On 2/9/2013 10:11 PM, Crookedmaze wrote:
Yes, System Administrator I have had a look at the FAQ the reason I am
asking about such a tool is because it seems as if the only way to
update OpenBSD (Errata update wise) is to download a patch from
the errata page and to manually patch the source code then follow the
instructions for applying the patch (Or you could follow stable using
CVS). I just thought it would be easier (and Simpler) if you were
able to patch the version of OpenBSD you are running by simply typing
openbsd-update which would then apply the security update by download
and installing a binary package. I also don't think that it would
require as much overhead as you might think because currently
(OpenBSD 5.2) there has only been one release errata patch and in
OpenBSD 5.1 there was also only one.

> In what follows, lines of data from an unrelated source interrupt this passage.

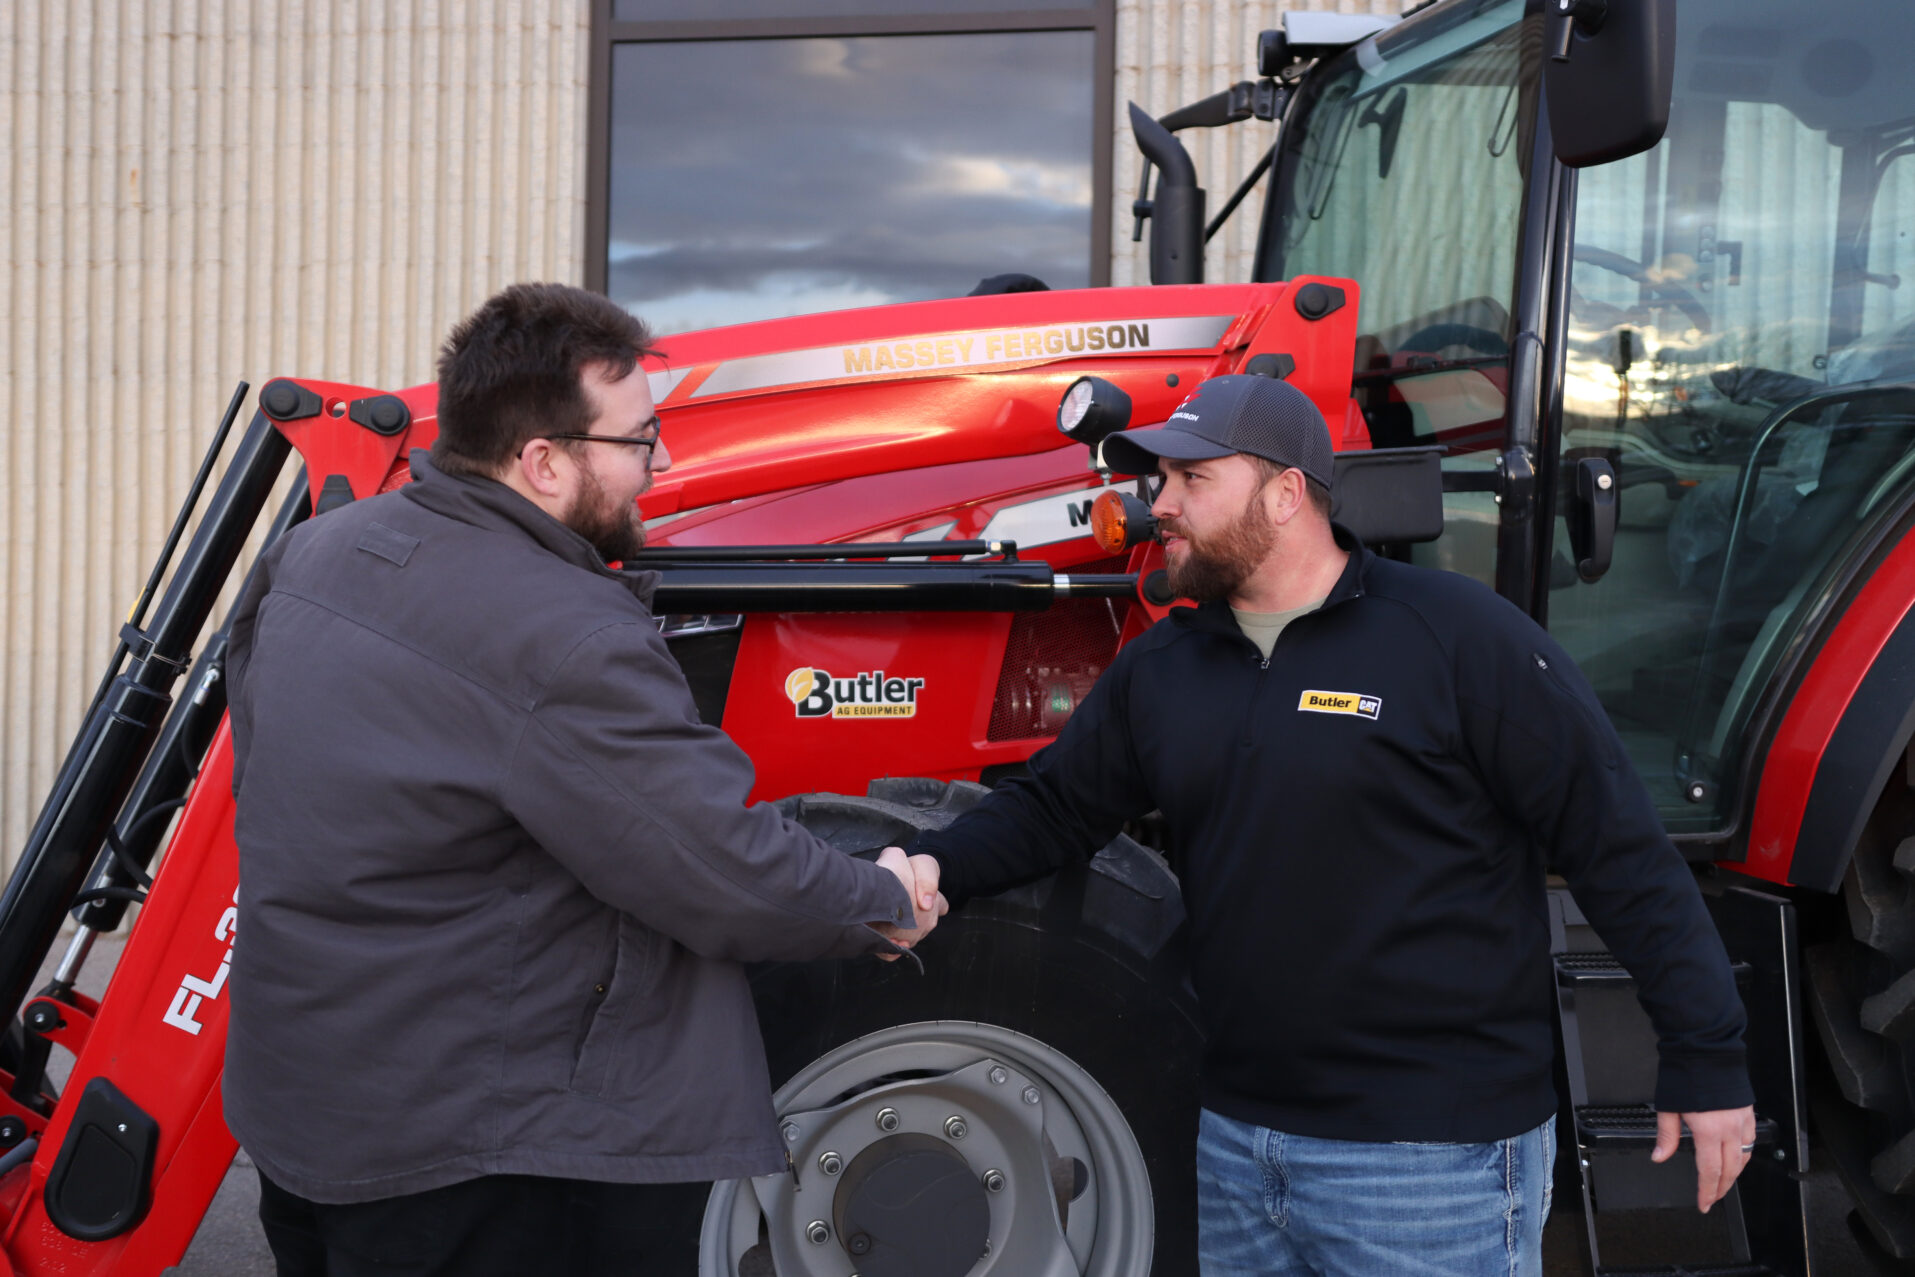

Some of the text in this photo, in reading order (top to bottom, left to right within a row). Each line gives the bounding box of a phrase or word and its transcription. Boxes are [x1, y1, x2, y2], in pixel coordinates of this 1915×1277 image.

[843, 323, 1149, 373] MASSEY FERGUSON
[797, 671, 923, 716] Butler
[1309, 695, 1377, 713] Butler CAT
[836, 706, 912, 715] AG EQUIPMENT
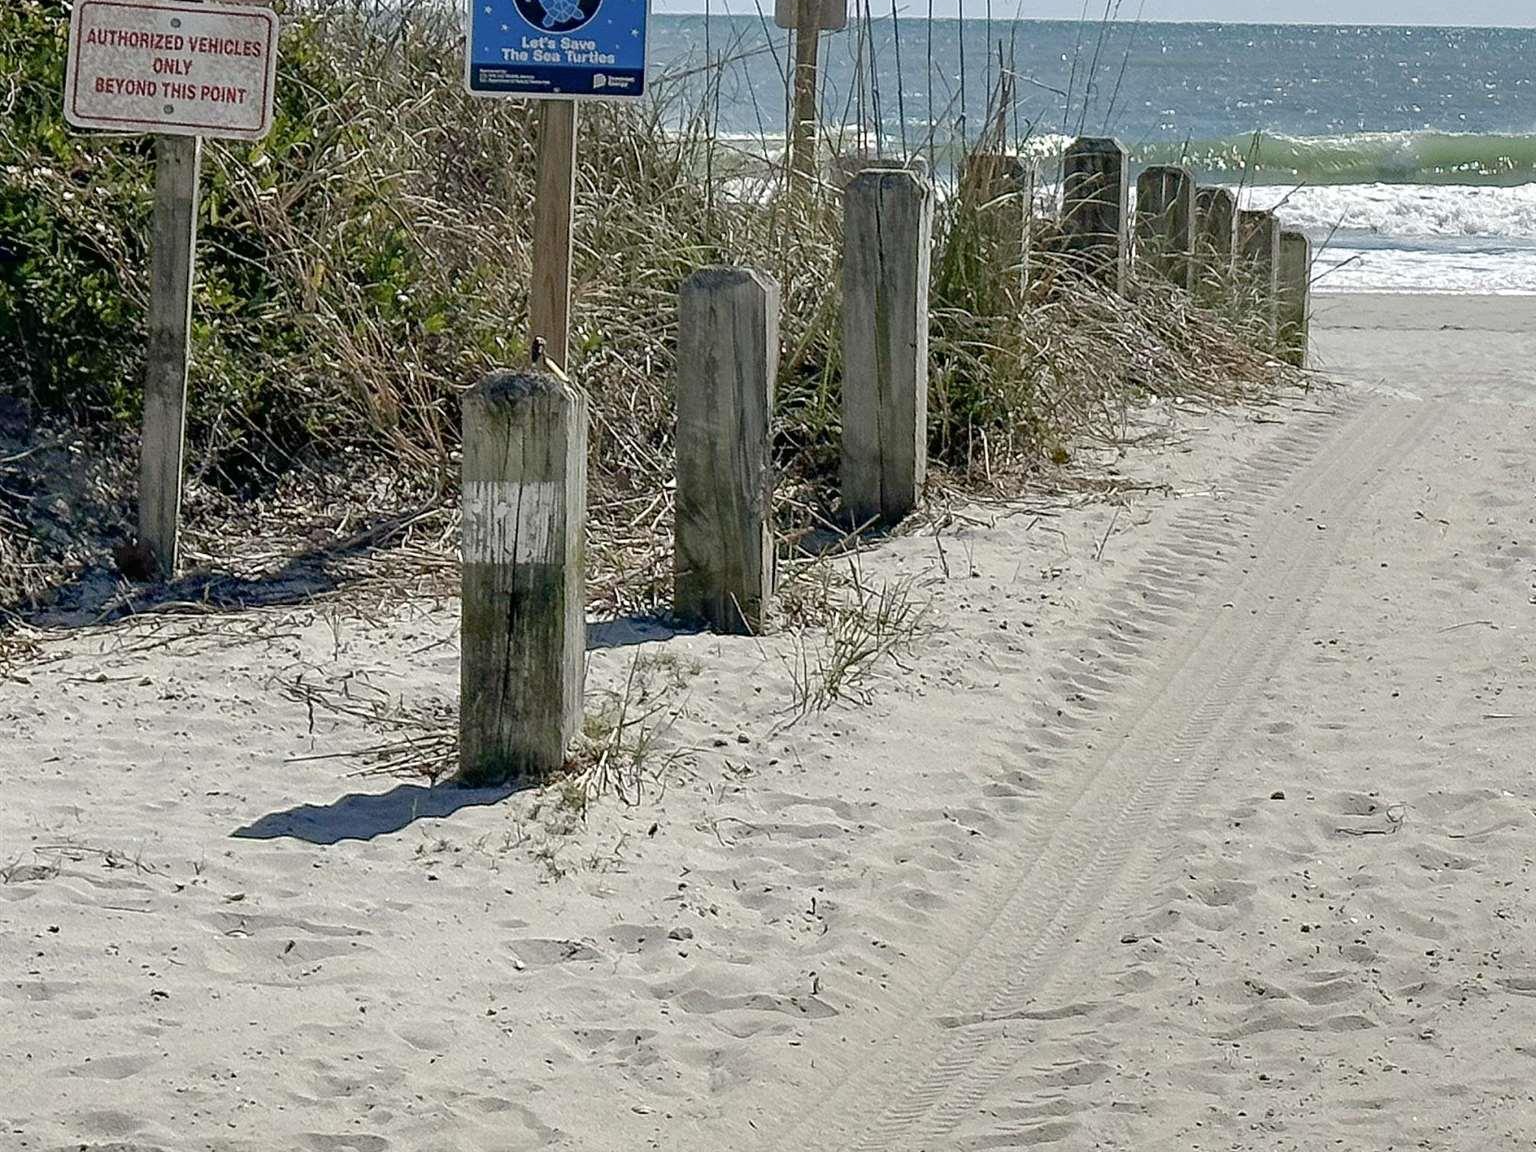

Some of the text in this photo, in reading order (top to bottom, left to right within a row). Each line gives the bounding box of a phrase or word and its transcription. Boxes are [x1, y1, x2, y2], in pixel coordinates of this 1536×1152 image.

[86, 28, 262, 58] AUTHORIZED VEHICLES
[521, 36, 596, 50] Let's Save
[501, 47, 616, 64] The Sea Turtles
[153, 57, 193, 75] ONLY
[95, 77, 248, 104] BEYOND THIS POINT
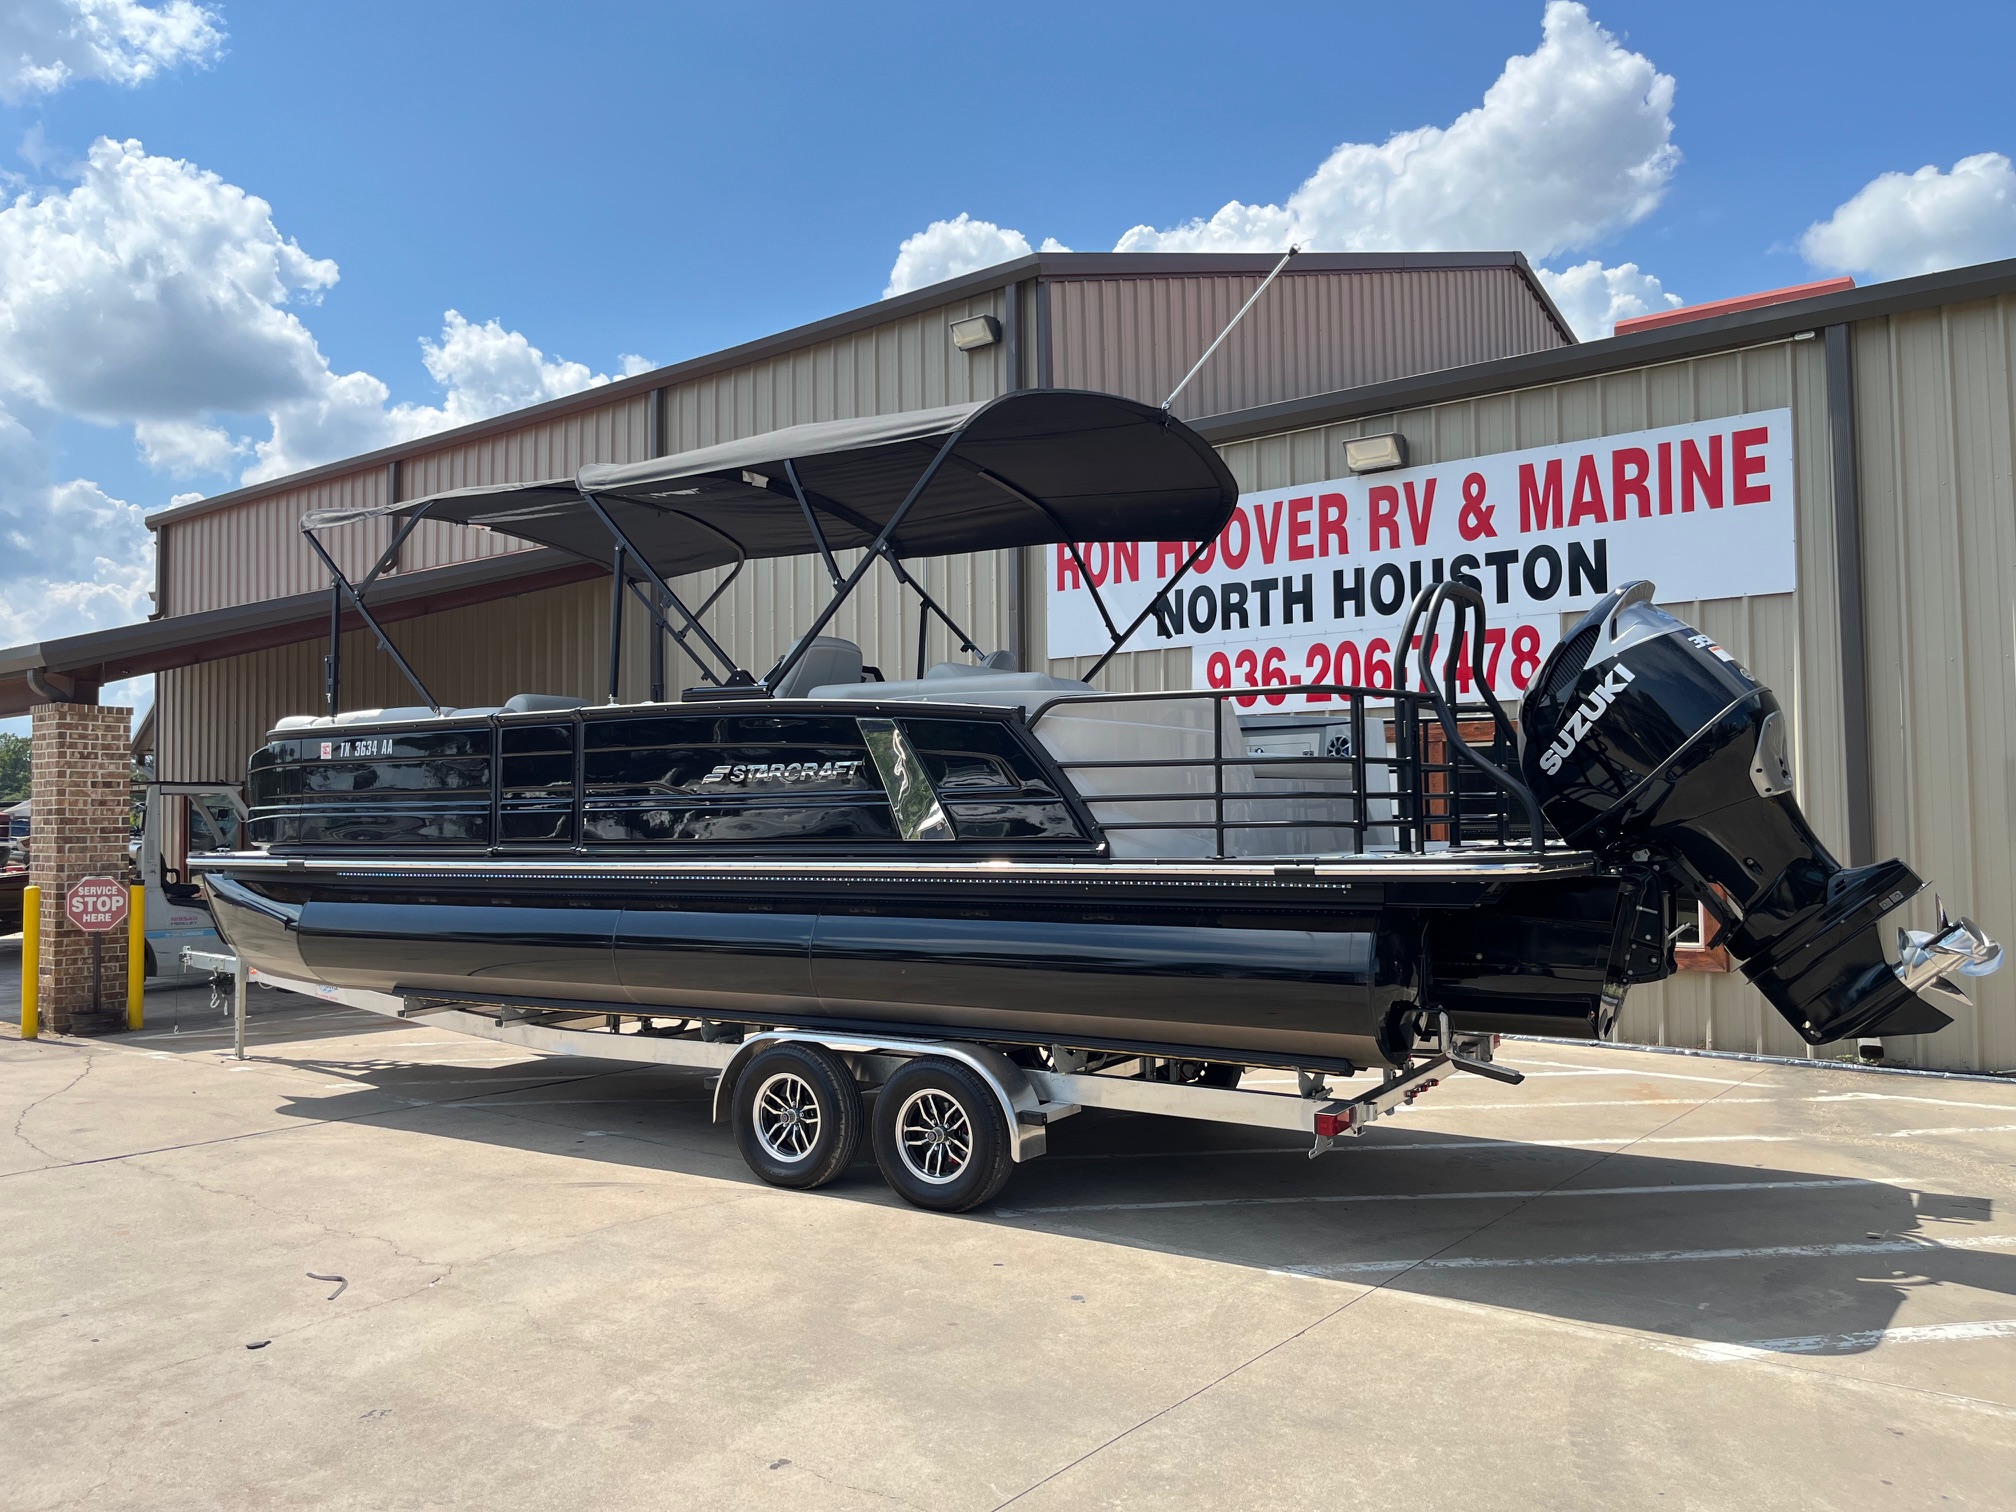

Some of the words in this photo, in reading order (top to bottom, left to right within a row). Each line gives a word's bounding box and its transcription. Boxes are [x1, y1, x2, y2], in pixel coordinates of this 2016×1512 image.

So it would really only require
a few binary packages (or at most 18 depending on the number of
architectures affected) to be released I am not necessarily talking
  about upgrading openbsd to a new release I am more so talking about
simply applying errata patch fixes through binary packages.

Remember that generating binary patches isn't free - they need to be built for all necessary archs (and many are nowhere near as fast as your i386/amd64 machine), they need to be tested, they need to be hosted, they need ... etc.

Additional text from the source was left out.